If she was to describe herself in one word, Nehad El-Sawi, Ph.D., says it would be “builder.” The assistant provost for educational innovation and enhancement at DMU knows that as medicine and the health sciences continue to advance, so, too, must the knowledge and skills of people who teach in those areas, including the basic sciences.
“I really enjoy creating and building. What are areas that need improvement? How can we innovate?” she says. “There are tremendous opportunities to do that, and that really excites me.”
Dr. El-Sawi’s innovative spirit, leadership and service to the International Association of Medical Science Educators (IAMSE) led to her unanimous selection as a recipient of the 2021 Edward Patrick Finnerty Lifetime Achievement Award. The highest level of recognition bestowed by the association, it honors members who have demonstrated sustained involvement in and commitment to IAMSE’s advancement. The award is named in honor of Edward “Pat” Finnerty, Ph.D., SC(ASCP), professor emeritus of physiology and pharmacology at DMU.
Dr. El-Sawi, who joined DMU in July 2019, has been an IAMSE leader from its very beginning. It originated in 1988 as a special interest group on basic science education within the Association of American Medical Colleges. In 1993, it became a volunteer-run independent organization, the Basic Science Education Forum. Given its global growth, in 1997 it was replaced by the nonprofit IAMSE. Dr. El-Sawi was a charter founding member, chaired its Web Audio Seminar Committee for seven years, served two terms on its board and has been a member of other committees.

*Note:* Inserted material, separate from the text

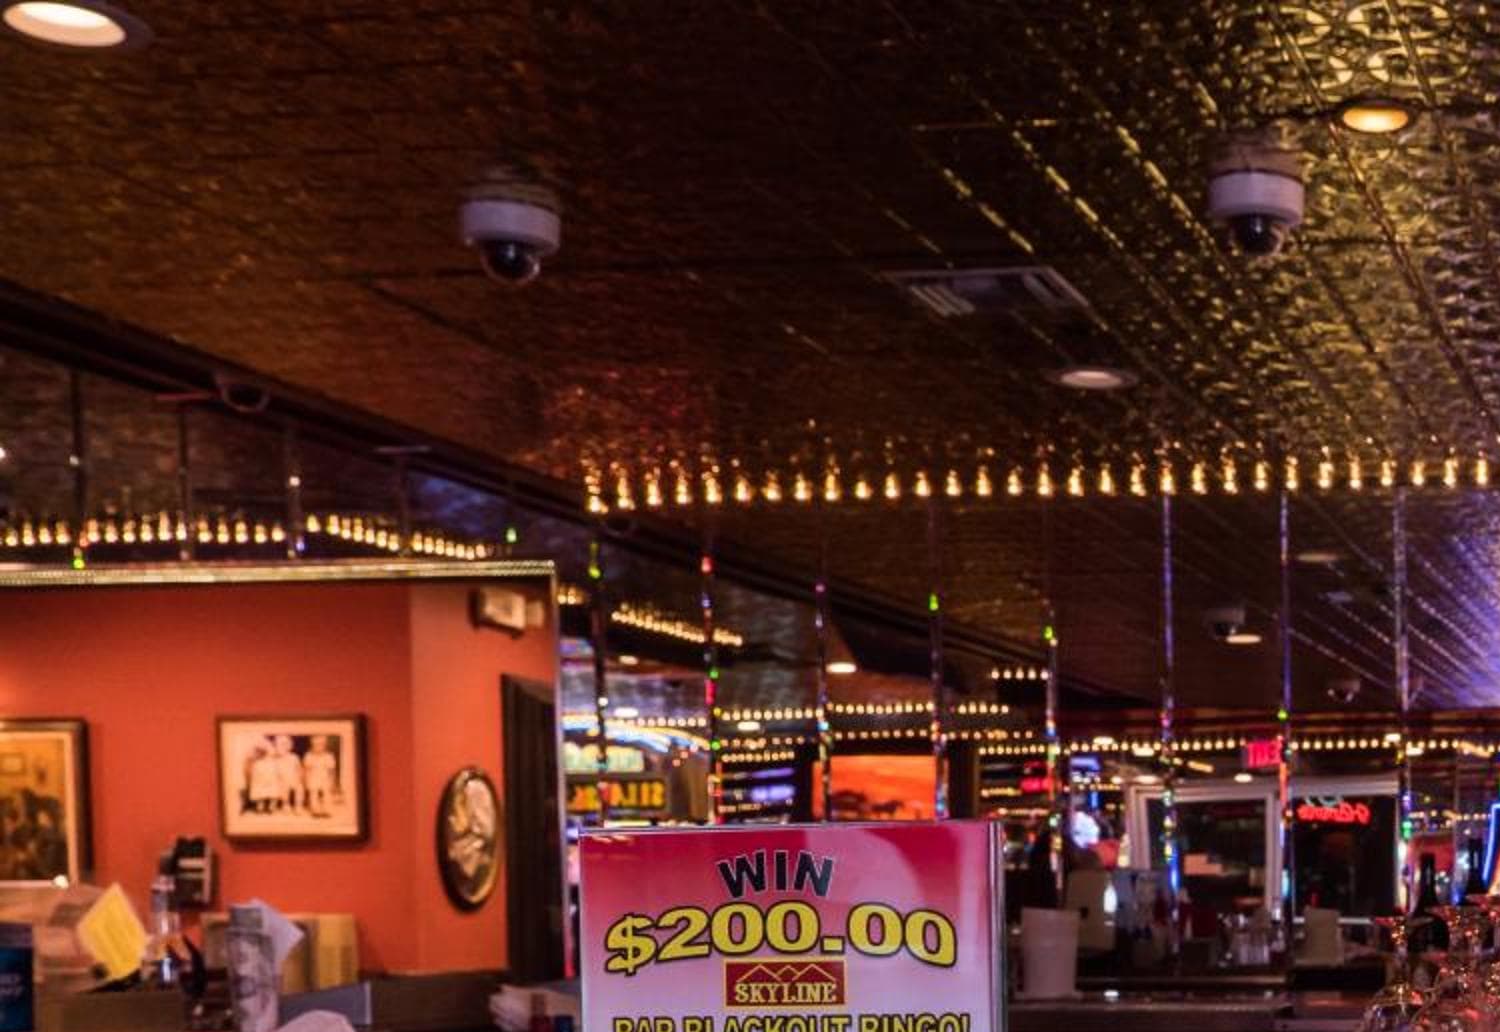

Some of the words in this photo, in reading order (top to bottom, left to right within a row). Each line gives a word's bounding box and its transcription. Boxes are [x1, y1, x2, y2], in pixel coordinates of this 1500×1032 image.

[717, 848, 836, 898] WIN
[604, 901, 958, 976] $200.00
[735, 981, 837, 1004] SKYLINE

“The association gives me opportunities to interact with colleagues who share the same interests and passions. It allows me to see what’s needed right now and what’s on the horizon, what’s ahead on the road not yet paved,” she says.

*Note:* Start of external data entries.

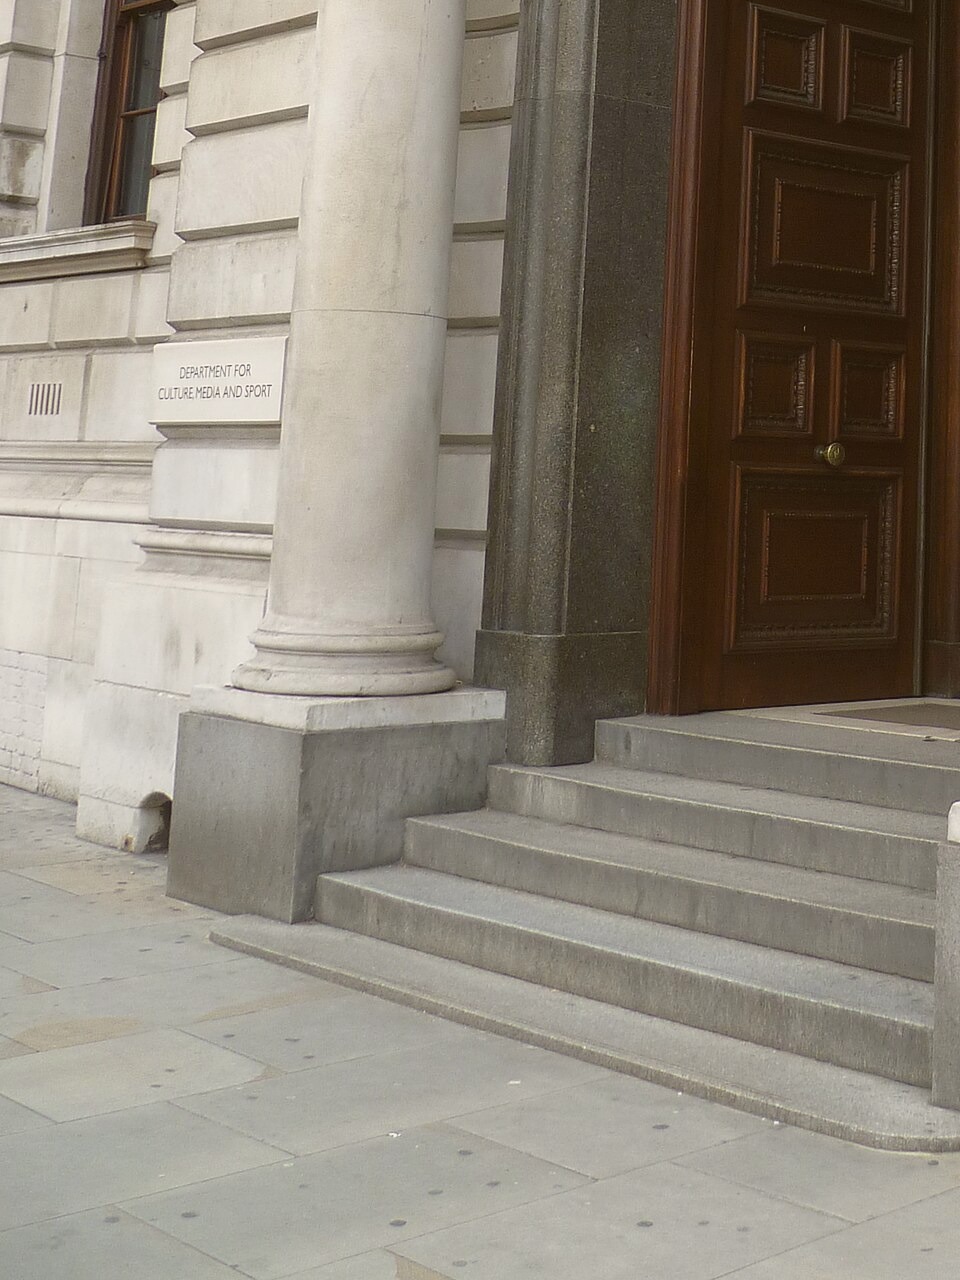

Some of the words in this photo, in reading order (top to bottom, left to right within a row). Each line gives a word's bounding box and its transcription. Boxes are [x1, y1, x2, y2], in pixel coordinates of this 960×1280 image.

[179, 365, 232, 379] DEPARTMENT
[234, 363, 251, 377] FOR
[195, 386, 220, 399] MEDIA
[222, 385, 243, 398] AND
[244, 384, 272, 398] SPORT

In her role at DMU, Dr. El-Sawi oversees the library, faculty development, student support, continuing medical education and the simulation center. When COVID-19 forced educational institutions to go virtual practically overnight, she and her colleagues assisted the University’s clinical programs in using online platforms to offer simulation exercises, standardized patient encounters and basic medical and surgical skills sessions. She already had been leading efforts to greatly expand faculty development opportunities, including several IAMSE series.
“Dr. El-Sawi is a nationally recognized expert in faculty development,” says Ralitsa Akins, M.D., Ph.D., DMU provost. “She aligned, streamlined and strengthened our faculty development programs and brought it to the next level.”
These efforts took a team, Dr. El-Sawi says.
“I enjoy aligning people’s strengths and passions with institutional goals,” she adds. “When you do that, it’s a win-win all over the place, because people are doing what they love.”
Her IAMSE leadership and experiences were valuable, too. The association was a pioneer in virtual instruction, offering its first audio seminar series in 2002 and expanding such programs since. Dr. El-Sawi documented the popularity of these programs as lead author of the article “Utilization and Perceived Effectiveness of a Web-Based Faculty Development Seminar for International Medical Science Educators,” published in 2019 in Medical Science Educator.
“We realized faculty development was challenging for many institutions because of the expense and time involved in traveling,” she says. “We filled a niche that was very much needed.”
Pandemic challenges aside, Dr. El-Sawi praises her colleagues and DMU’s environment, culture and “unlimited opportunities” for instructional innovation. Those will only grow when the University moves to its new campus in West Des Moines in 2023.
“Establishing a new campus is very exciting,” she says. “It will be very progressive and state-of-the-art and will allow us to do what we do in new and innovative ways.”